The wraps came off of Vulkan, the next-generation rebuild of OpenGL, at the Game Developers Conference last week. Although the graphics API is still in development, we learned quite a bit about it in a conference session devoted to the topic. That session started with a fundamental truth: Vulkan is based on AMD's Mantle API, only it's been adapted and extended to work properly with a range of different modern GPU architectures.

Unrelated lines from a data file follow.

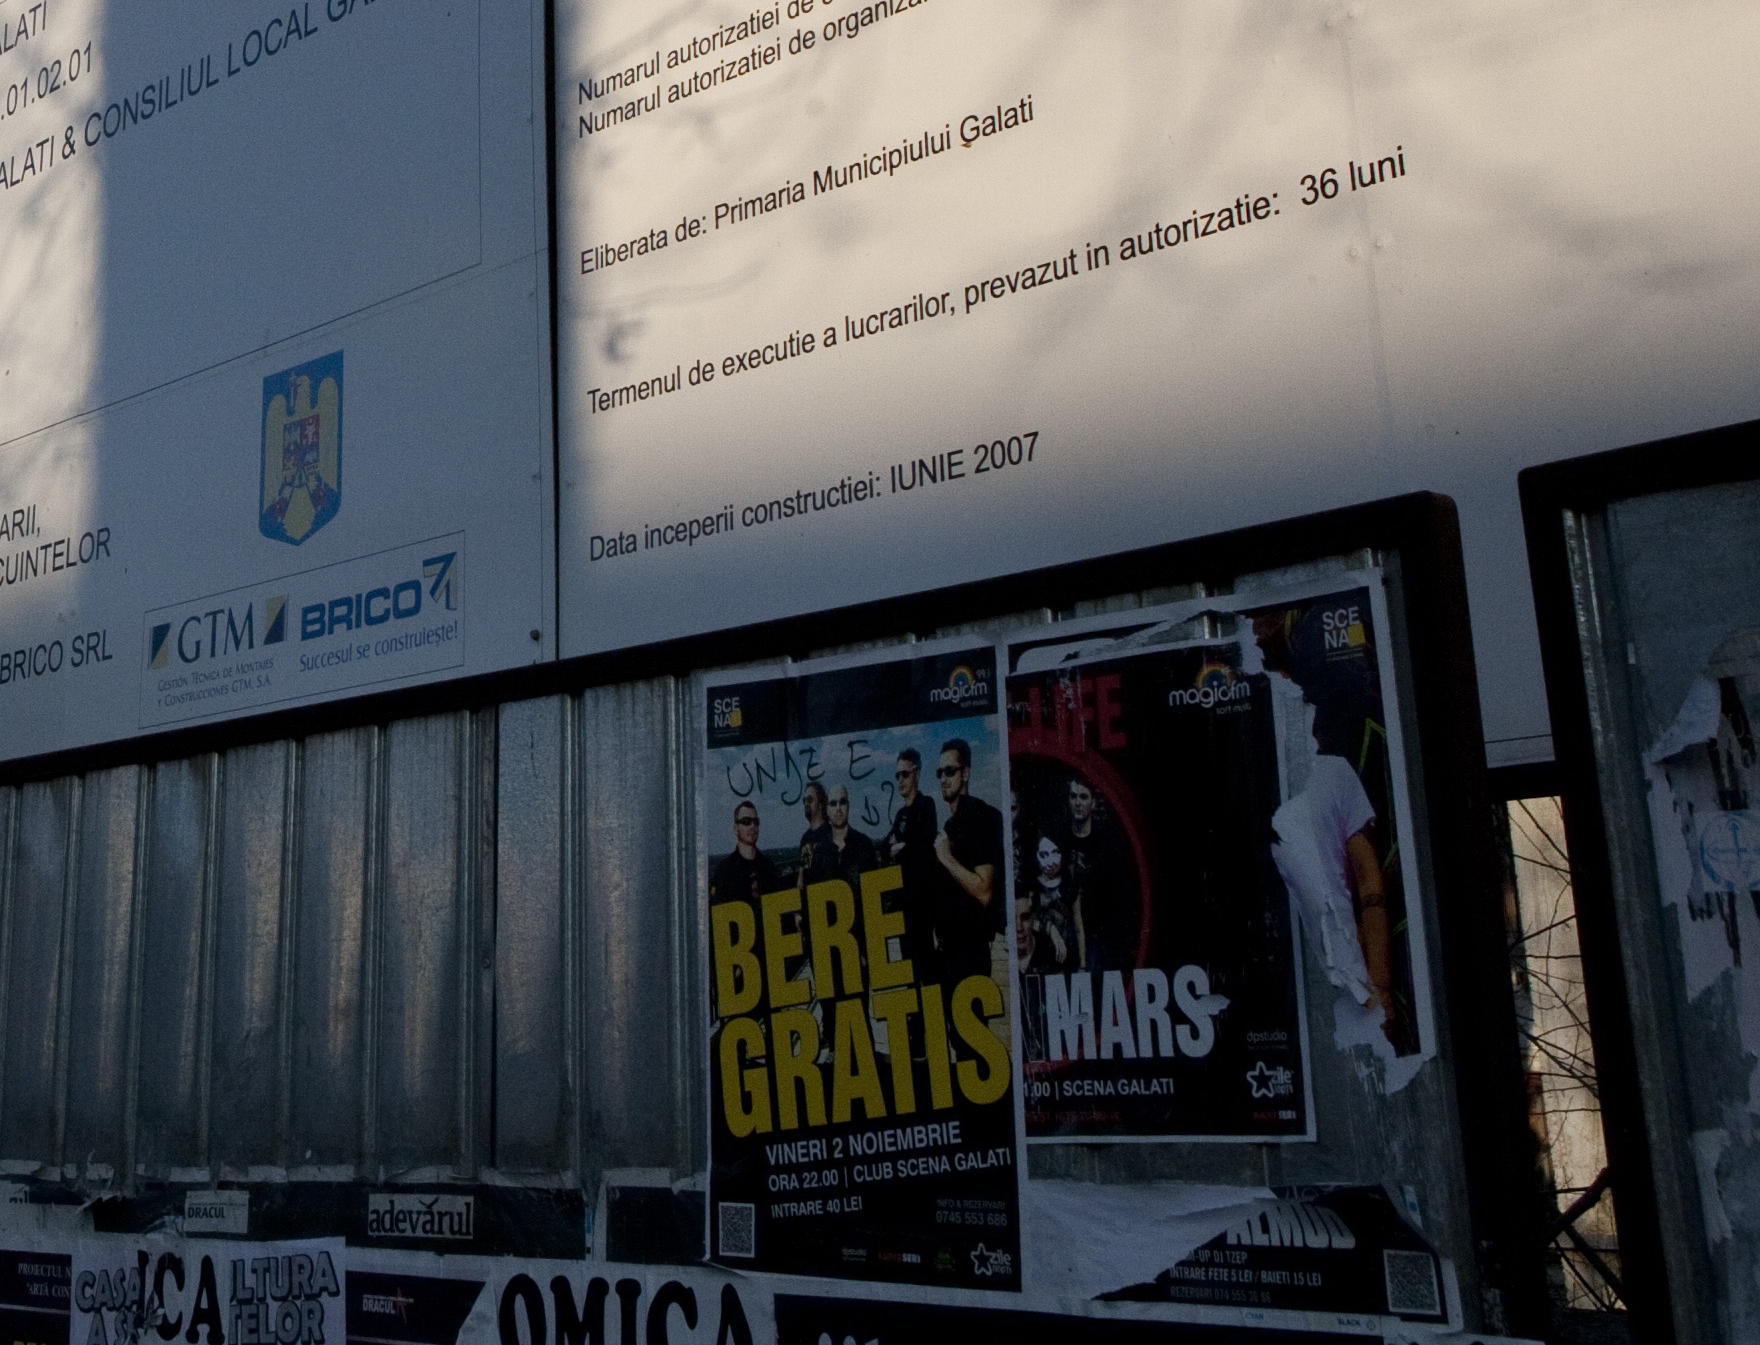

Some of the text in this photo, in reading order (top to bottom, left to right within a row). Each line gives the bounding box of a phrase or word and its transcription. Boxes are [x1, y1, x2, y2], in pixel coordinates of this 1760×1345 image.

[61, 124, 77, 161] &
[83, 53, 220, 148] CONSILIUL
[226, 1, 319, 79] LOCAL
[578, 50, 660, 105] Numarul
[666, 1, 780, 70] autorizatiei
[580, 93, 1034, 276] Eliberata de: Primaria Municipiului Galati
[586, 144, 1406, 415] Termenul de executie a lucrarilor, prevazut in autorizatie: 36 luni
[589, 430, 1040, 562] Data inceperii constructiei: IUNIE 2007
[177, 602, 254, 664] GTM
[300, 579, 422, 642] BRICO
[300, 644, 354, 673] Succesul
[356, 643, 370, 660] se
[711, 865, 914, 1017] BERE
[1043, 964, 1219, 1061] MARS
[720, 975, 1012, 1138] GRATIS
[1062, 1077, 1175, 1097] SCENA GALATI
[765, 1120, 962, 1167] VINERI 2 NOIEMBRIE
[768, 1147, 1011, 1193] ORA 22.00 CLUB SCENA GALATI
[188, 1206, 226, 1220] DRACUL
[369, 1197, 473, 1238] adevărul
[771, 1195, 863, 1219] INTRARE 40 LEI
[362, 1297, 396, 1315] DRACUL
[1170, 1266, 1206, 1281] INTRARE
[1208, 1267, 1229, 1282] FETE
[1239, 1269, 1253, 1283] LEI
[1260, 1270, 1290, 1285] BAIETI
[1293, 1271, 1304, 1286] 15
[1306, 1272, 1322, 1287] LEI

This adaptation work is particularly crucial for makers of mobile GPUs, since many mobile graphics cores simply work differently than big desktop chips like AMD's GCN-based Radeons. The folks at Imagination Technologies ship tons of PowerVR graphics cores in Apple's iOS devices, among other things, and Imagination's GPUs are tile-based deferred renderers, not immediate-mode renderers like most desktop GPUs. Tilers can be more efficient than traditional IMRs, but they rely on keeping active GPU data in an on-chip buffer in order to extract that efficiency. Since Vulkan is a lower-level programming interface that gives game developers more control over the hardware than prior versions of OpenGL, doing the right thing with regard to tilers is an important part of forming Vulkan into a workable cross-platform standard.
Fortunately, that adaptation work appears to be progressing well, as evidenced by the fact that Imagination had a Vulkan demo up and running on its PowerVR GPU hardware on the GDC show floor—one of only a few such demos I saw in action.
The demo is essentially a port of an older OpenGL ES graphics demo, but it emits Vulkan commands that are received by Imagination Tech's own Vulkan graphics driver, so it's the real thing. The port was a two-month exercise involving just two driver engineers, which is a testament to the usability of the Vulkan API. Thanks to lower-level access to the GPU hardware via the API, the firm said its driver is "very thin," and most of the complexity in the programming task has moved into the application itself.
Vulkan has commands that allow the developer to do explicit loads and stores or frame-buffer data, which Imagination describes as a "huge win for tilers." Other modern graphics APIs like OpenGL and Direct3D keep the GPU at arm's length from the application, and as a result, the graphics drivers may modify all sorts of things about how commands actually get executed.
The demo was still in an early form and didn't match the ES version pixel for pixel, but it looked pretty good. Porting the demo to Vulkan didn't result in any performance gains, Imagination told us, largely because the demo itself isn't CPU-bound, but CPU usage is "way down" from the OpenGL ES version.